• _WHAT YOU SHOULD DO_
Only the text belongs in the answer: every line of the records below, transcribed exactly.

• _INPUT MATERIAL_
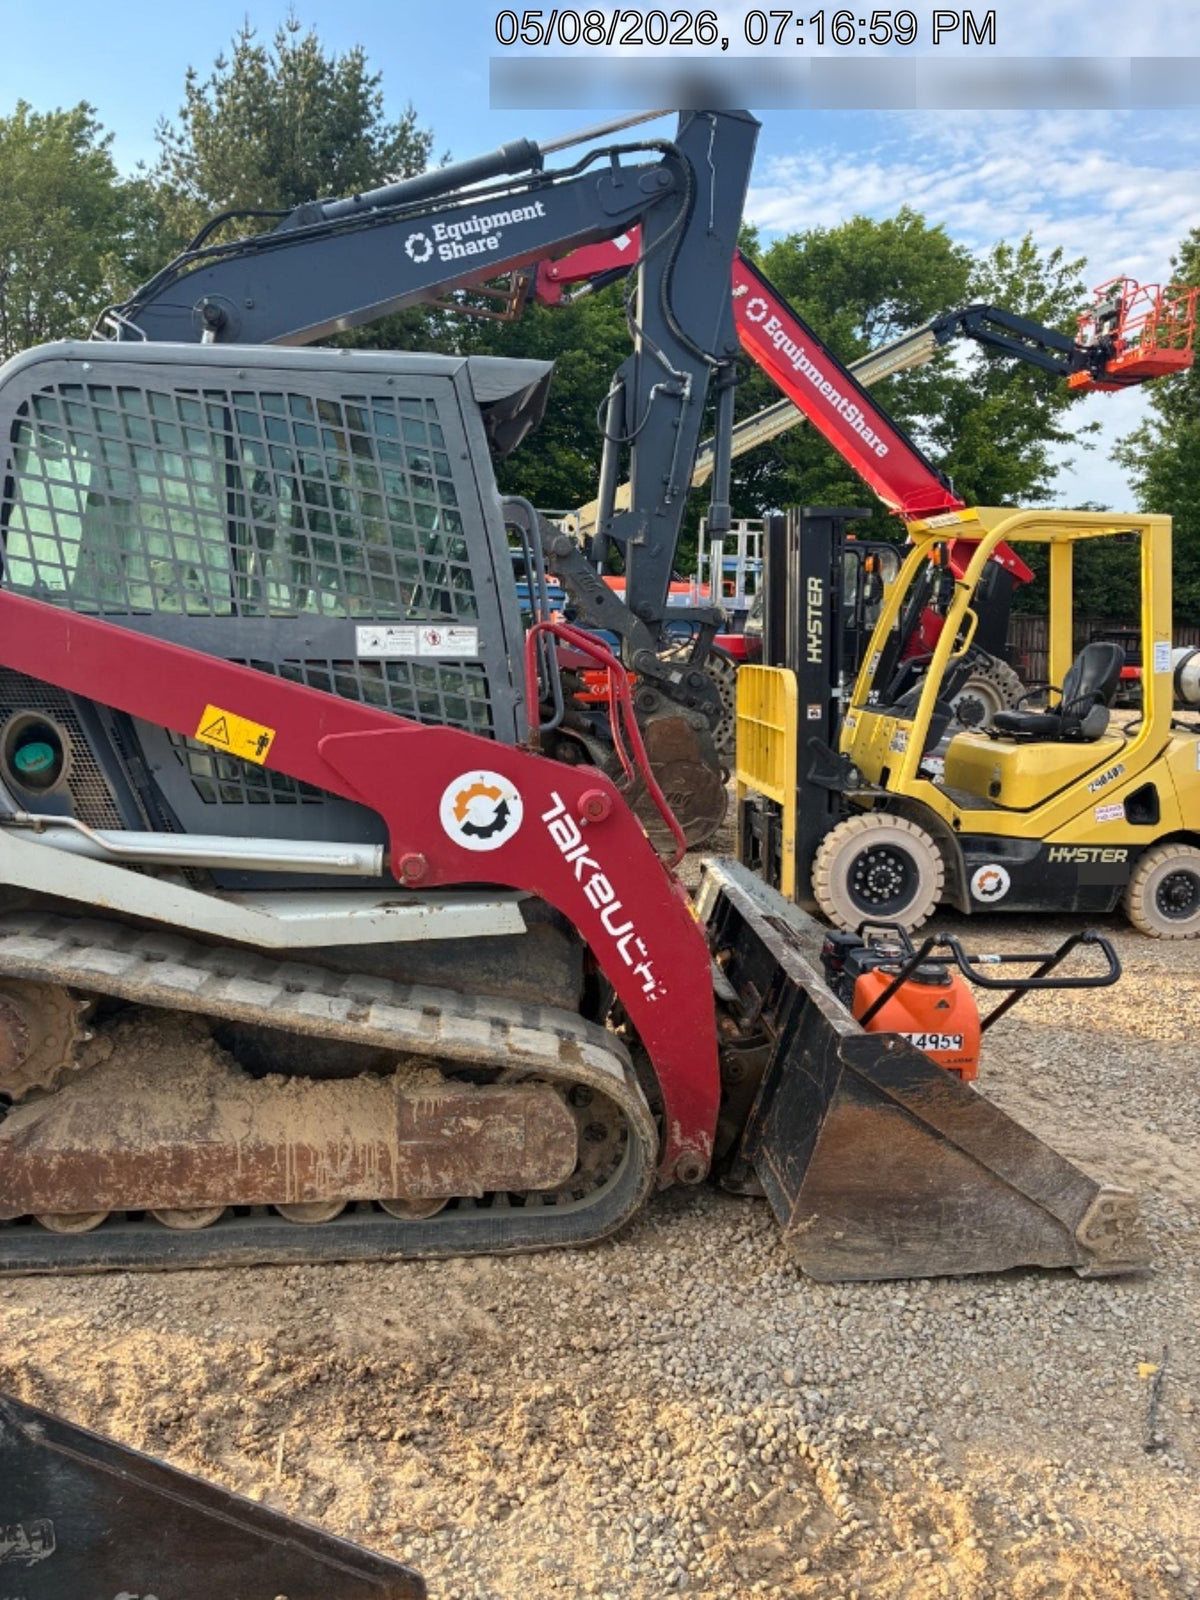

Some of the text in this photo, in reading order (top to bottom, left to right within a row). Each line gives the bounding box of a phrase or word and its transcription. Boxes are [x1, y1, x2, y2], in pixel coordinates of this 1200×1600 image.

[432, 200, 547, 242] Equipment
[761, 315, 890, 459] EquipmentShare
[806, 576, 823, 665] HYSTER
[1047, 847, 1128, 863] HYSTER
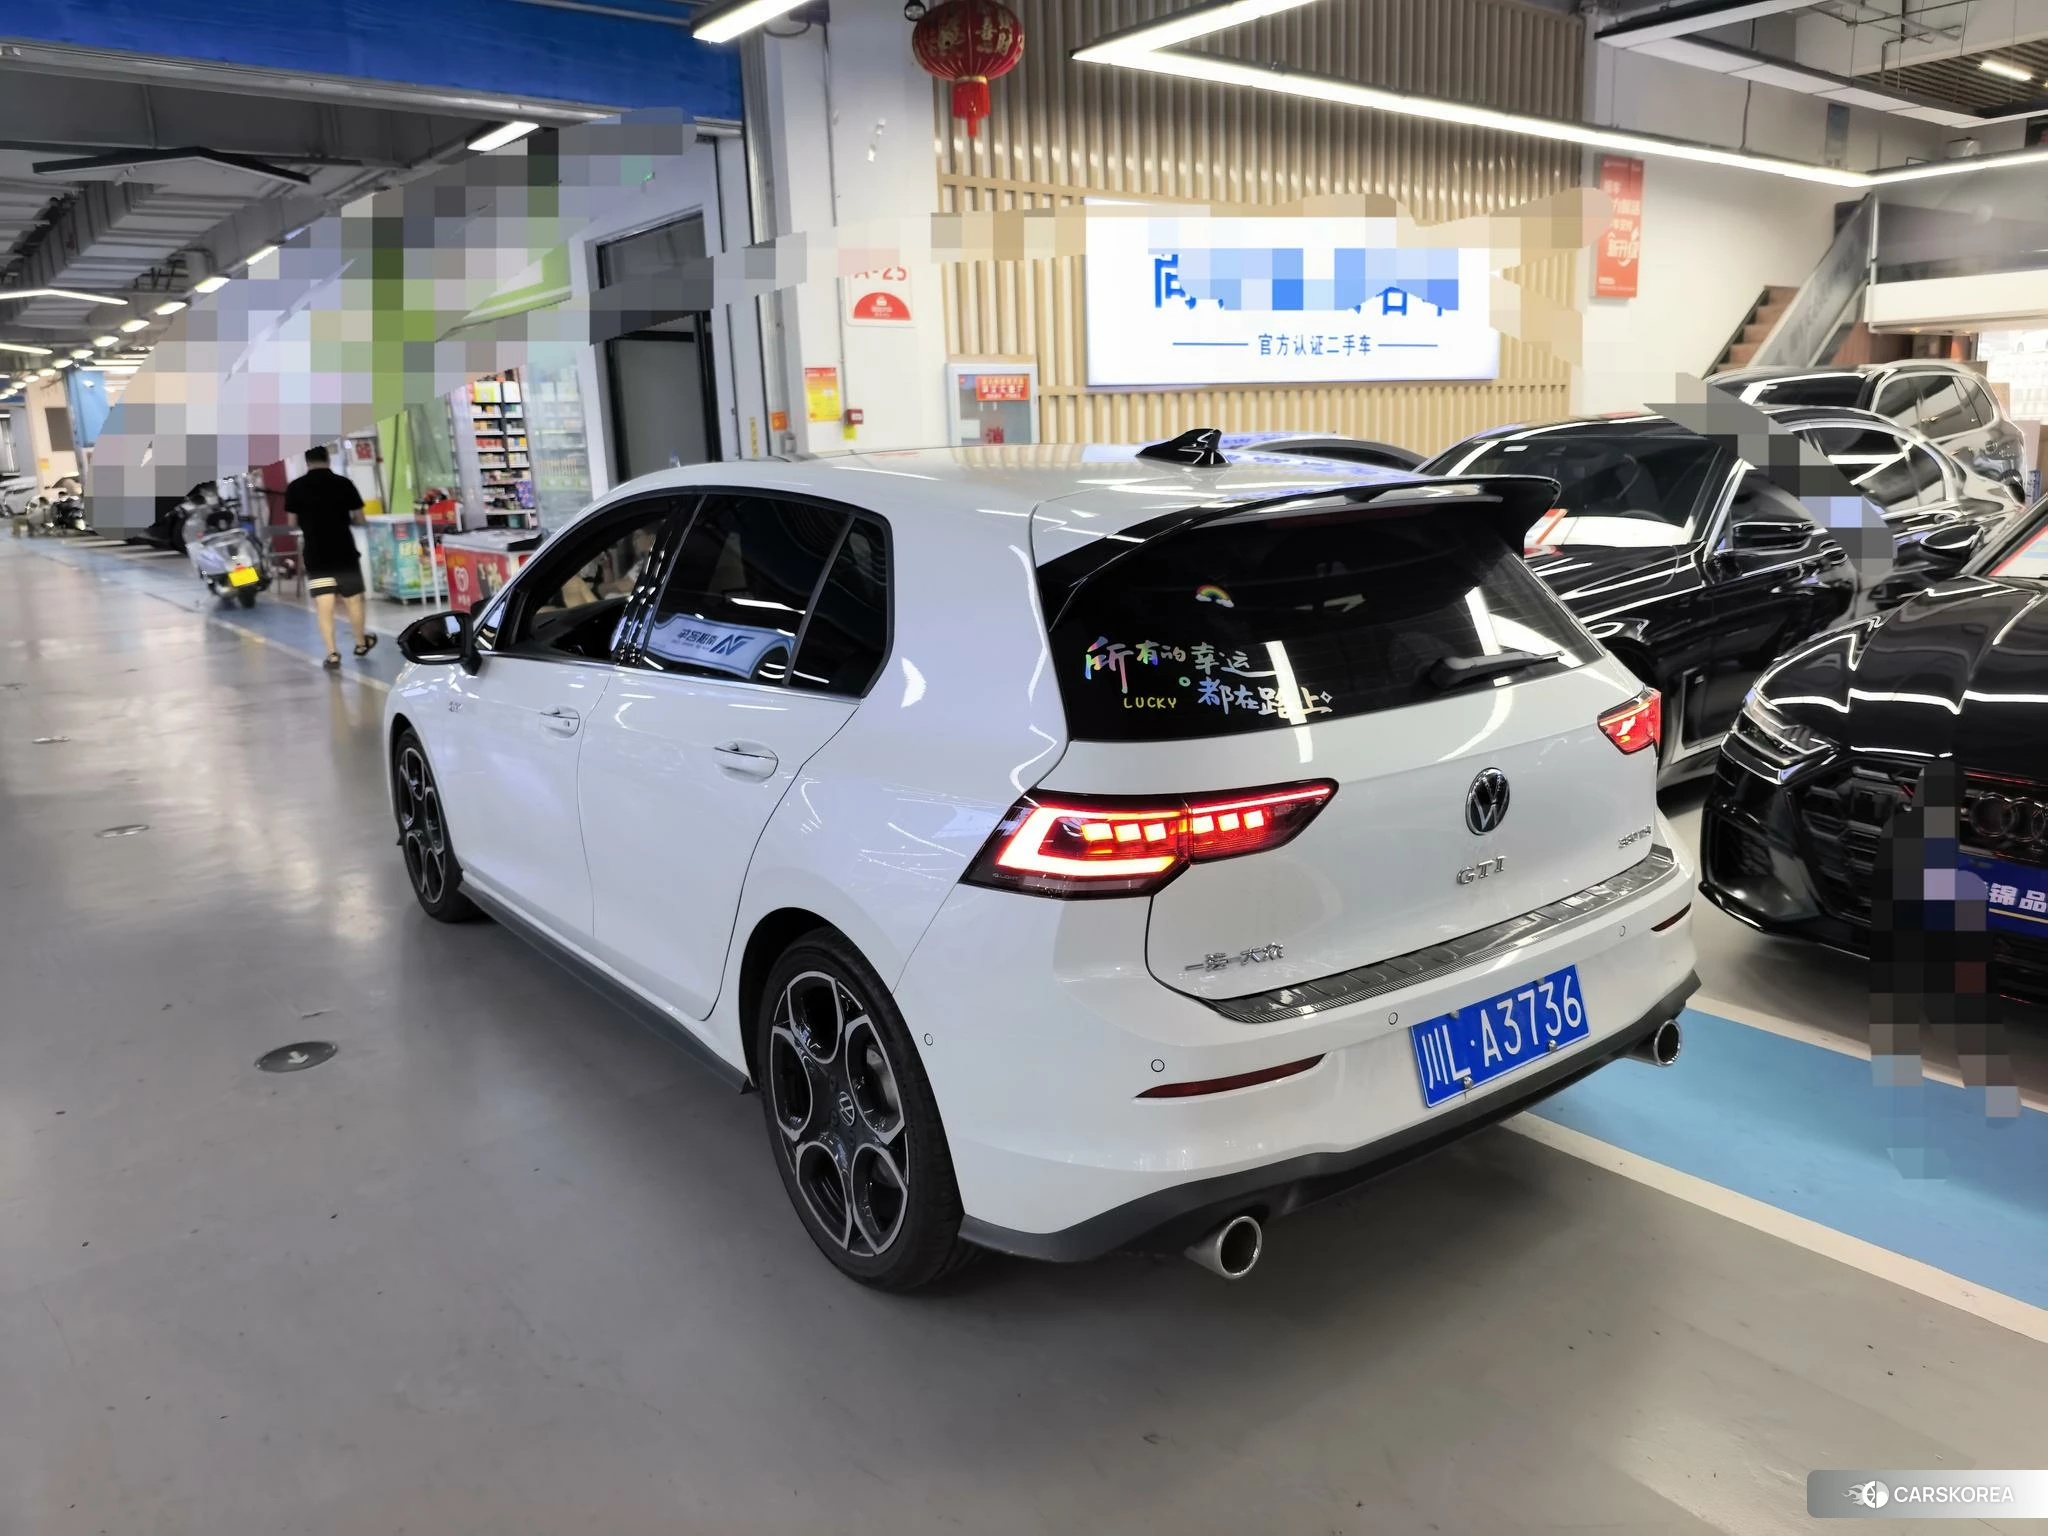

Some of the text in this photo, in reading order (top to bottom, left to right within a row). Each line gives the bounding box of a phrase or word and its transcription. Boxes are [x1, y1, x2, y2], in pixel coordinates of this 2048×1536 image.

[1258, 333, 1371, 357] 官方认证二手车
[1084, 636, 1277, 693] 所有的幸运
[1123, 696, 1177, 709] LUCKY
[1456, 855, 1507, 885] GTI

• _REPLY TO THE EXERCISE_
Some of the text in this photo, in reading order (top to bottom, left to right within a row). Each line gives the bounding box of a phrase or word and its transcription. Boxes are [x1, y1, x2, y2], in pixel coordinates of this 1200×1600 image.

[432, 200, 547, 242] Equipment
[761, 315, 890, 459] EquipmentShare
[806, 576, 823, 665] HYSTER
[1047, 847, 1128, 863] HYSTER

Some of the text in this photo, in reading order (top to bottom, left to right within a row). Each line gives the bounding box of a phrase or word and its transcription. Boxes are [x1, y1, x2, y2], in pixel coordinates of this 2048×1536 image.

[1258, 333, 1371, 357] 官方认证二手车
[1084, 636, 1277, 693] 所有的幸运
[1123, 696, 1177, 709] LUCKY
[1456, 855, 1507, 885] GTI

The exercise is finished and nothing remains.